Whether you are for or against Google’s mobile operating system, Android will be around for quite a while. One reason for that is due to the fact that phone manufacturers are able to do pretty much whatever they want with the mobile OS on their own devices. We’ve seen as much from pretty much every manufacturer that’s currently utilizing Android as their mobile platform of choice. LG, Samsung, HTC and Motorola may have used stock Android at one point or another in one device or another in the past (or in the future, in some cases), but each of these companies expect to differentiate themselves the most, and attract the most customers from their proprietary software. Each of these manufacturers has their own custom user interfaces on their devices, and while many of them may share similarities, they’re different enough to either attract or dissuade potential customers. For Motorola, the name MOTOBLUR has finally been axed from the company’s portfolio, but was that enough?

Since the unveiling of MOTOBLUR, the line in the sand dividing those in favor of the custom UI and those against it has been pretty well defined. But, as it goes for many things, those who dislike the UI have been (usually) the most vocal about the removal of the software. We’ve seen the MOTOBLUR proprietary skin go through some changes, some more subtle than others, but while Motorola has made every effort into making their customized software unique and not so “bullish” to the customer, it seems that the majority still want MOTOBLUR gone for good.

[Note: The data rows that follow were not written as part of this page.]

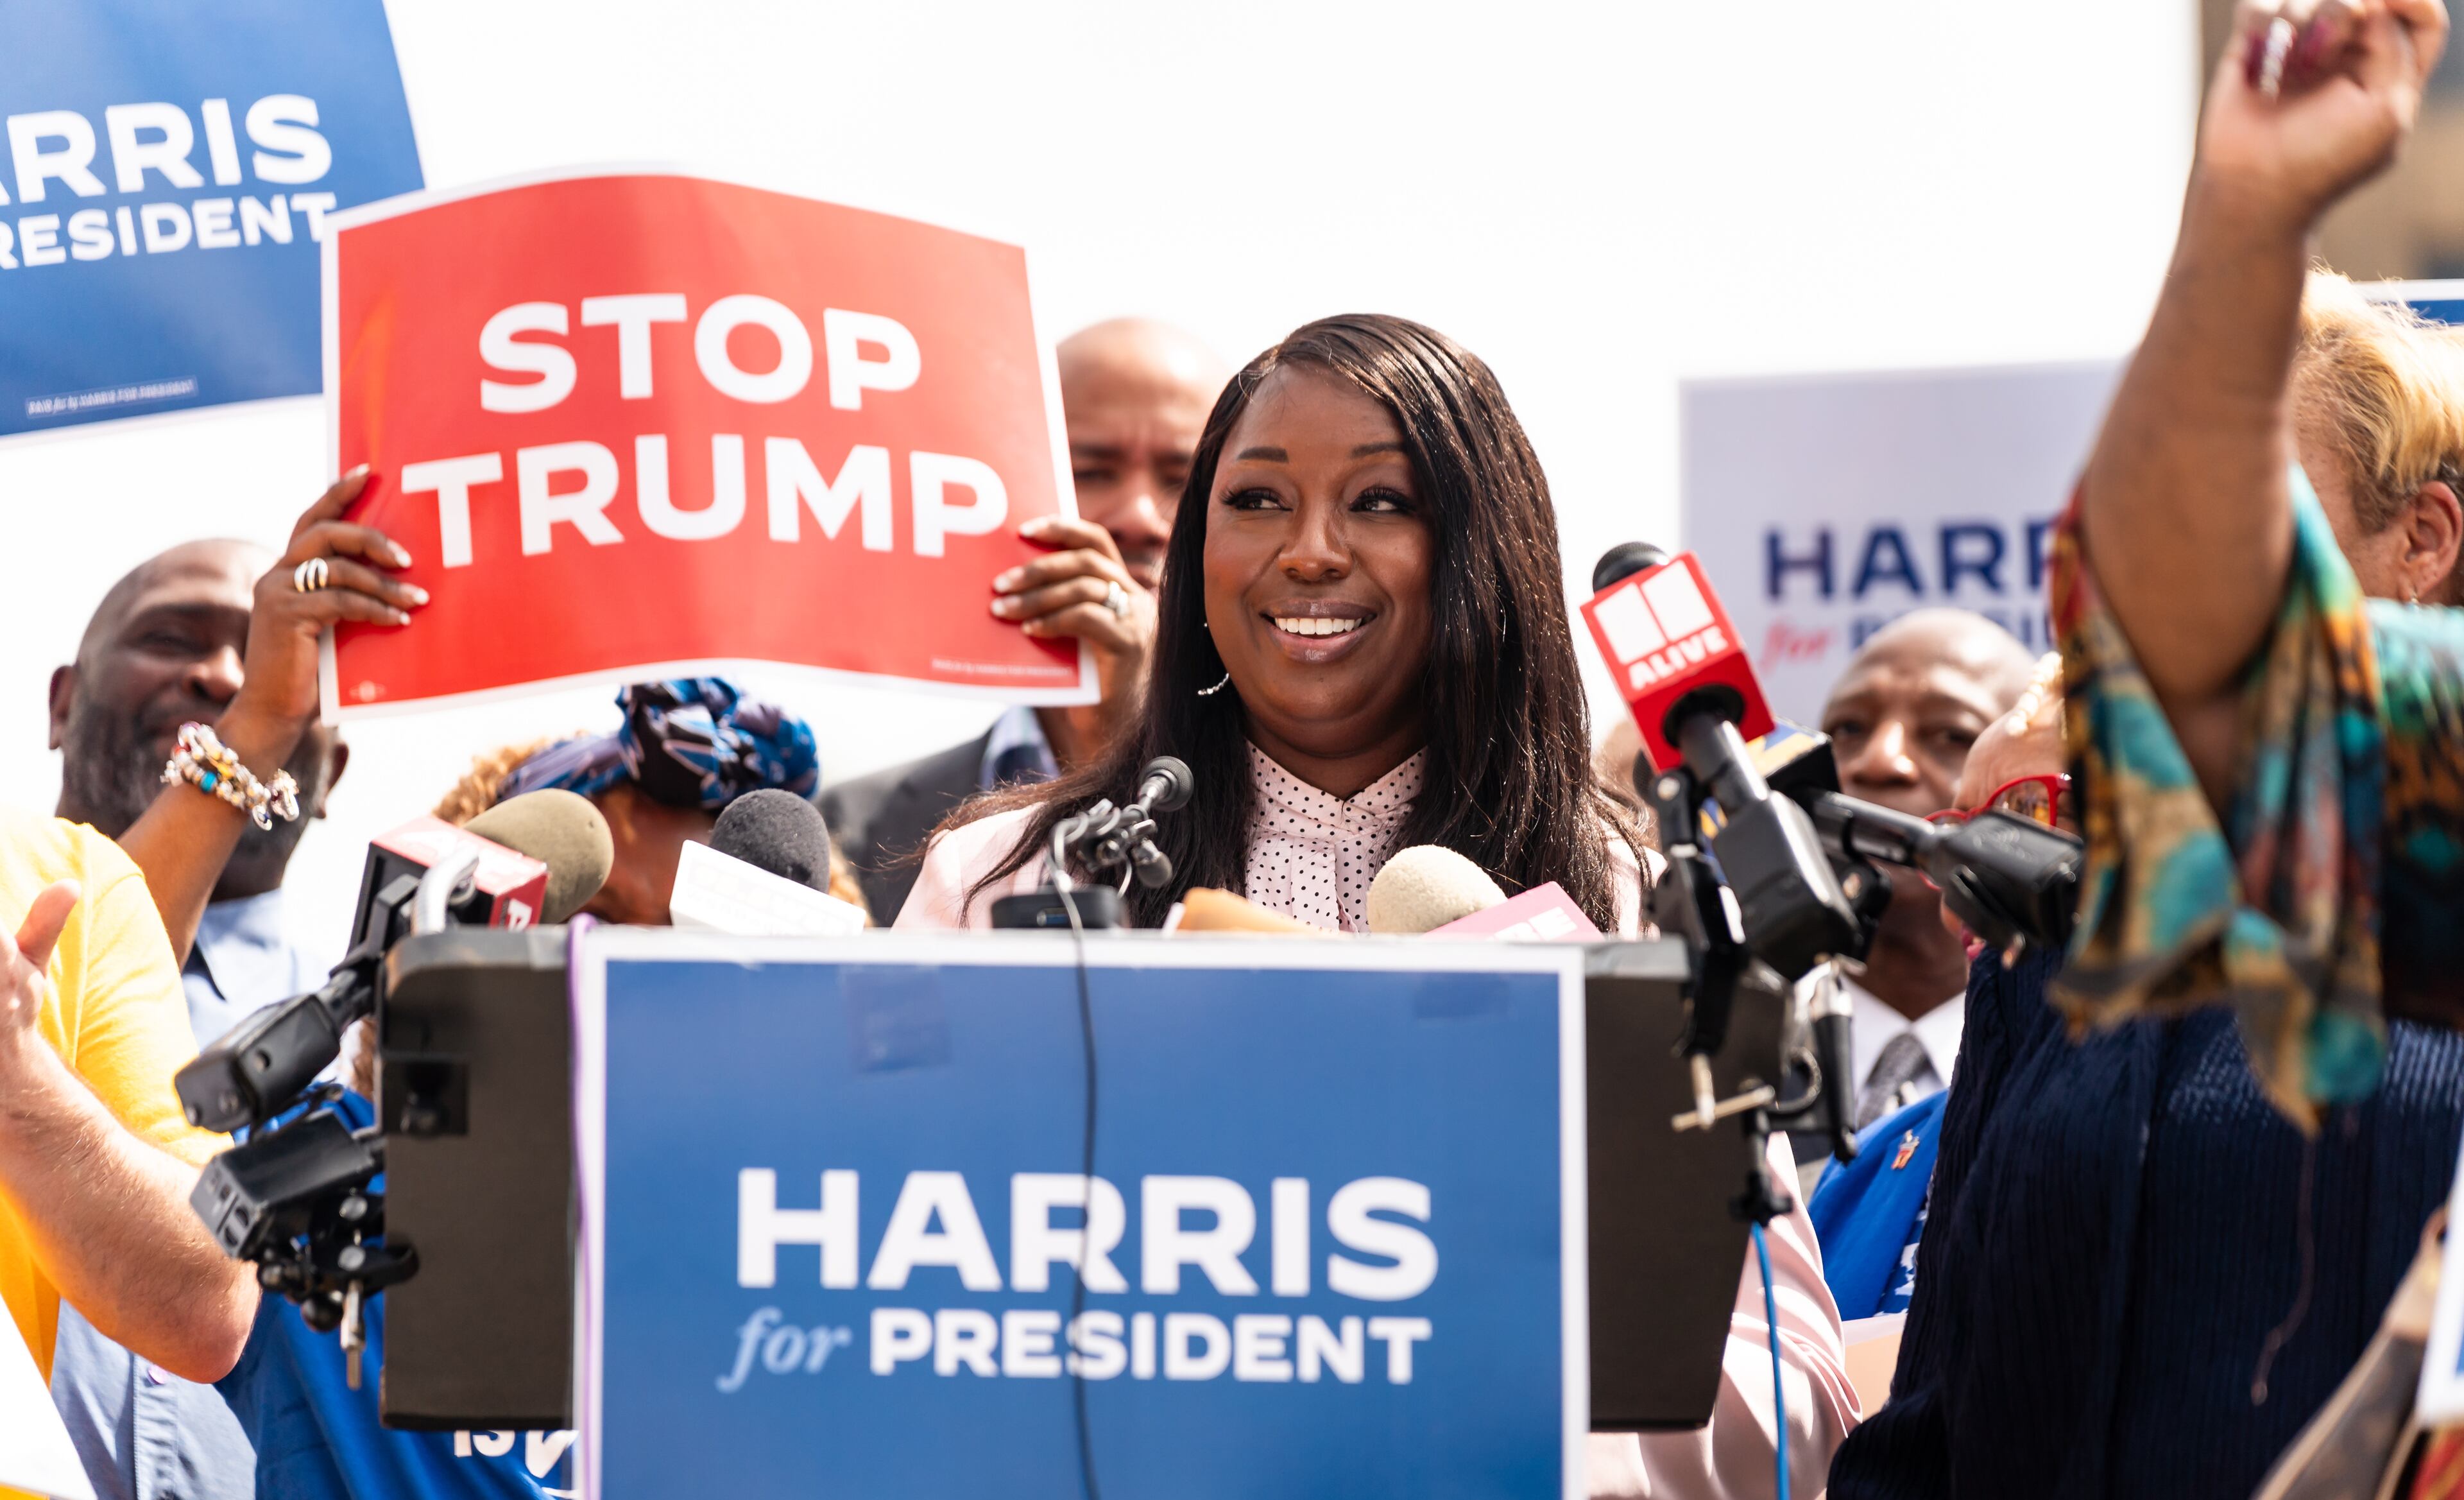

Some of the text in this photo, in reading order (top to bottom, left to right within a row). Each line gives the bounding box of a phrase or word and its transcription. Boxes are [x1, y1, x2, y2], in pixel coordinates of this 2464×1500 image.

[0, 94, 332, 206] RRIS
[478, 293, 923, 415] STOP
[401, 434, 1009, 569] TRUMP
[1628, 625, 1729, 691] ALIVE
[737, 1168, 1438, 1300] HARRIS
[716, 1307, 1432, 1392] for PRESIDENT
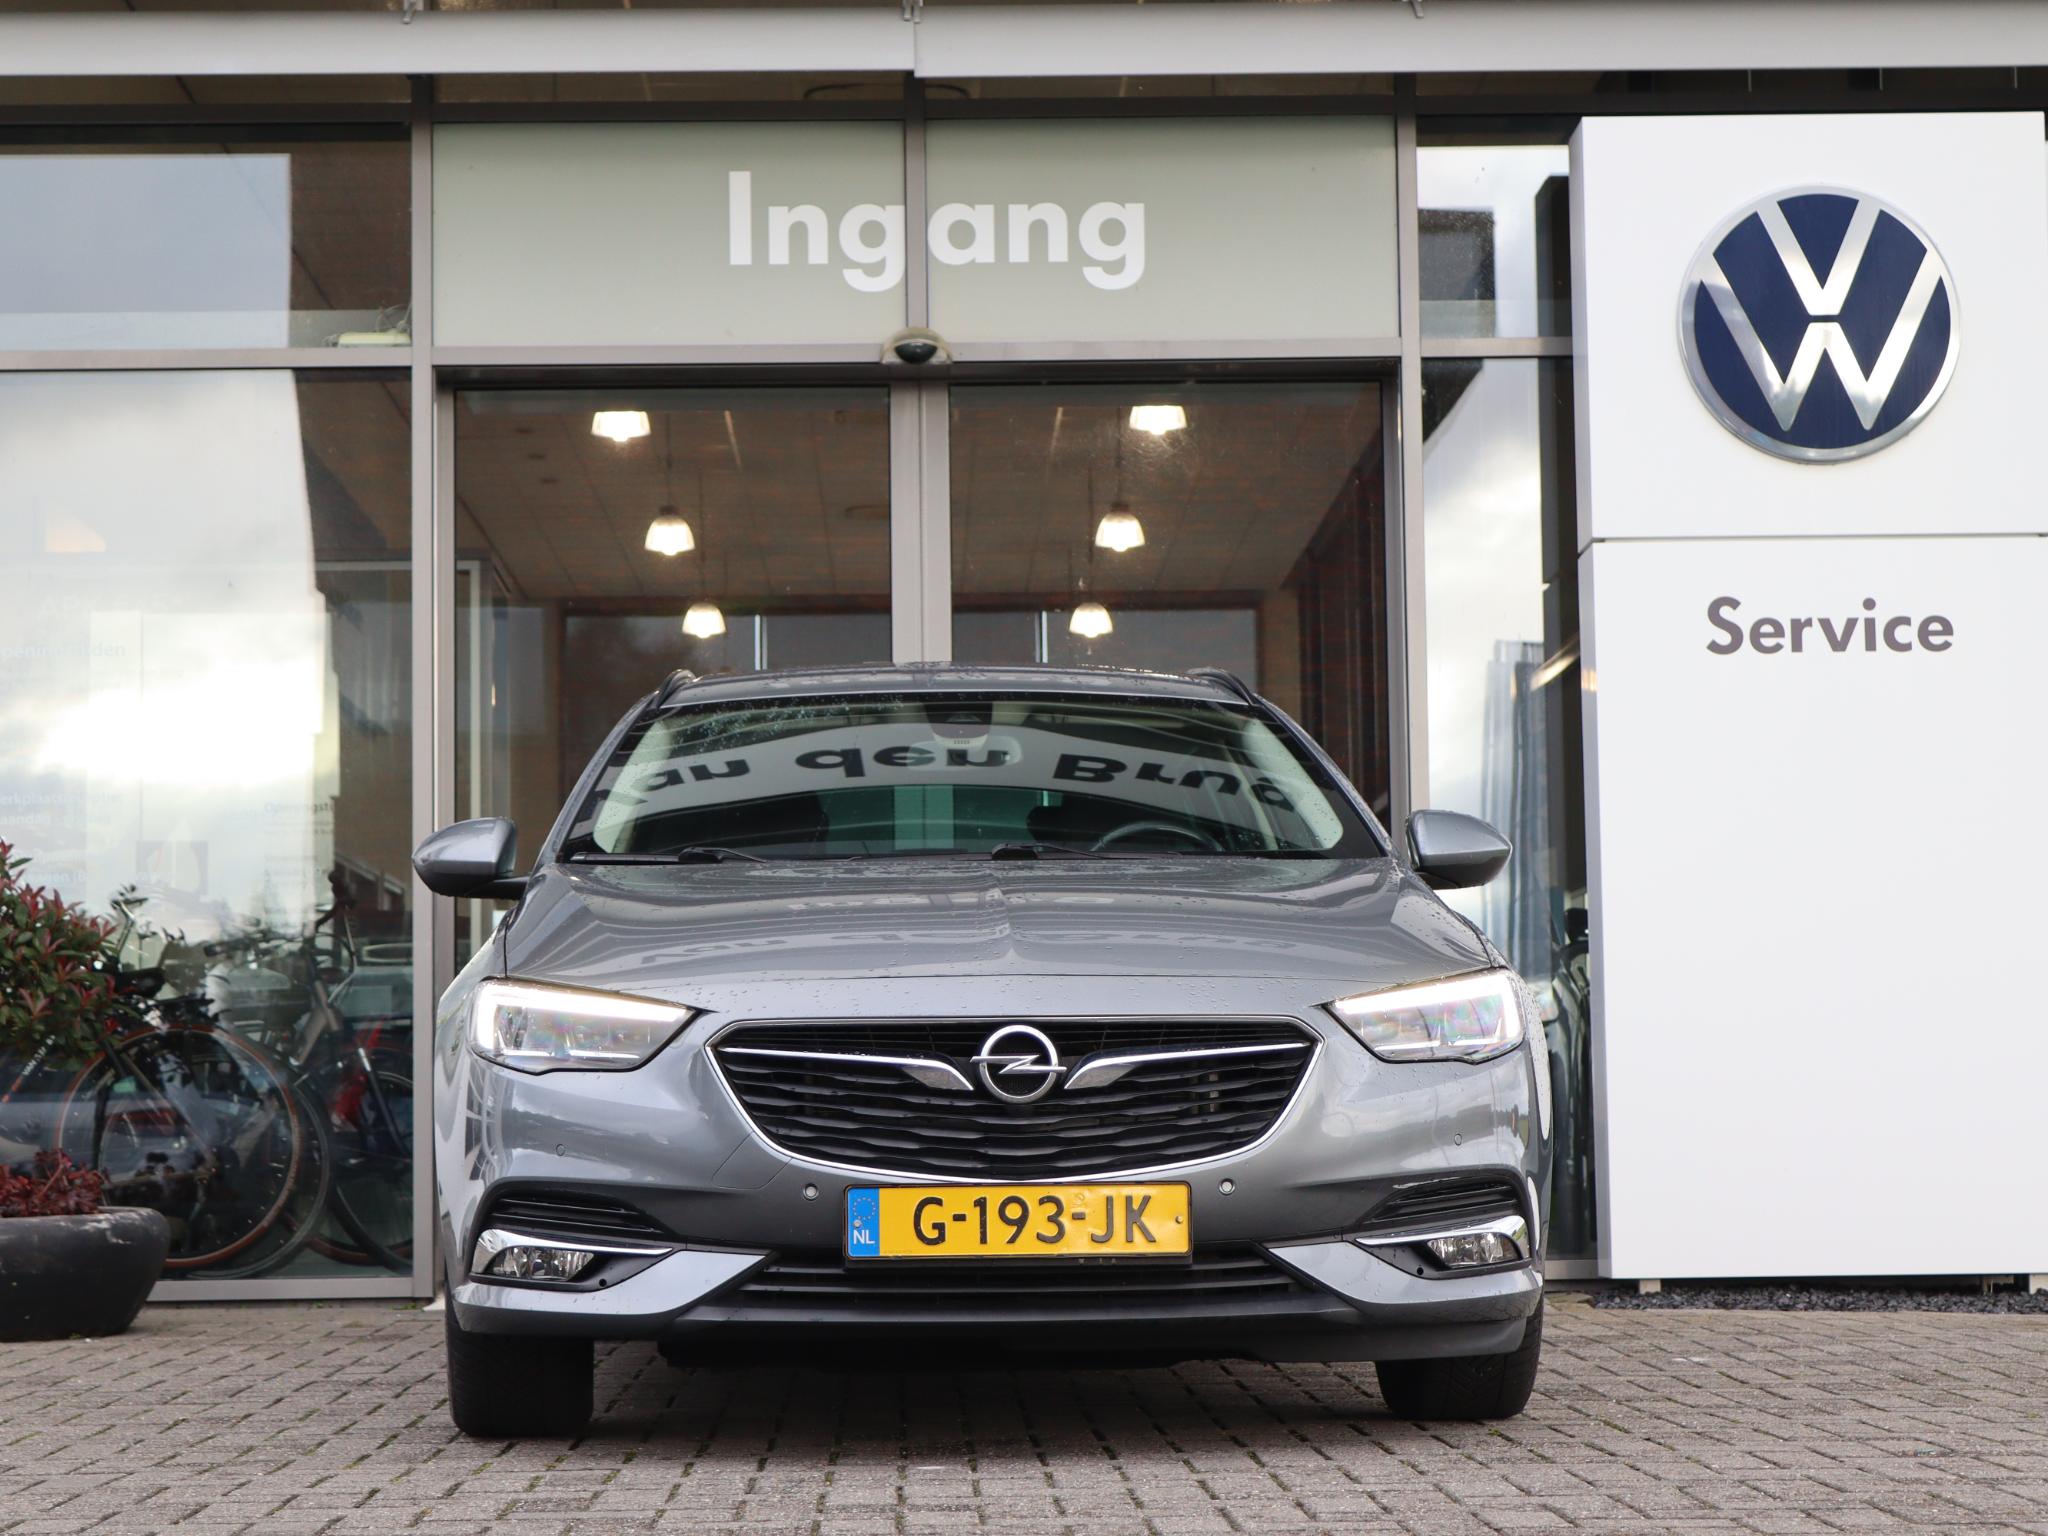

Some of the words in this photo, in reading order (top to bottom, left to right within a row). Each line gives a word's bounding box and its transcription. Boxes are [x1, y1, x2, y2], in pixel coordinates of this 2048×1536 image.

A new announcement from Motorola confirms that the company is indeed getting rid of the name MOTOBLUR from their dialogue. However, as I’ve been seeing in comments all over the Internet in relation to this story, it doesn’t look like it’s enough. The majority seem to want MOTOBLUR gone for good, and allow for a more vanilla Android approach to make its way to the fore.

The view of BLUR is that it’s too up-front, or too “in your face” when compared to other proprietary operating systems, and especially compared to the stock Android experience. Furthermore, some seem to think that the BLUR software actually inhibits the standard functions of the phone itself, interfering with the general usage of the device. With all that in mind, it would make sense that the majority (or the loudest) of the customer base wants BLUR removed from the picture completely.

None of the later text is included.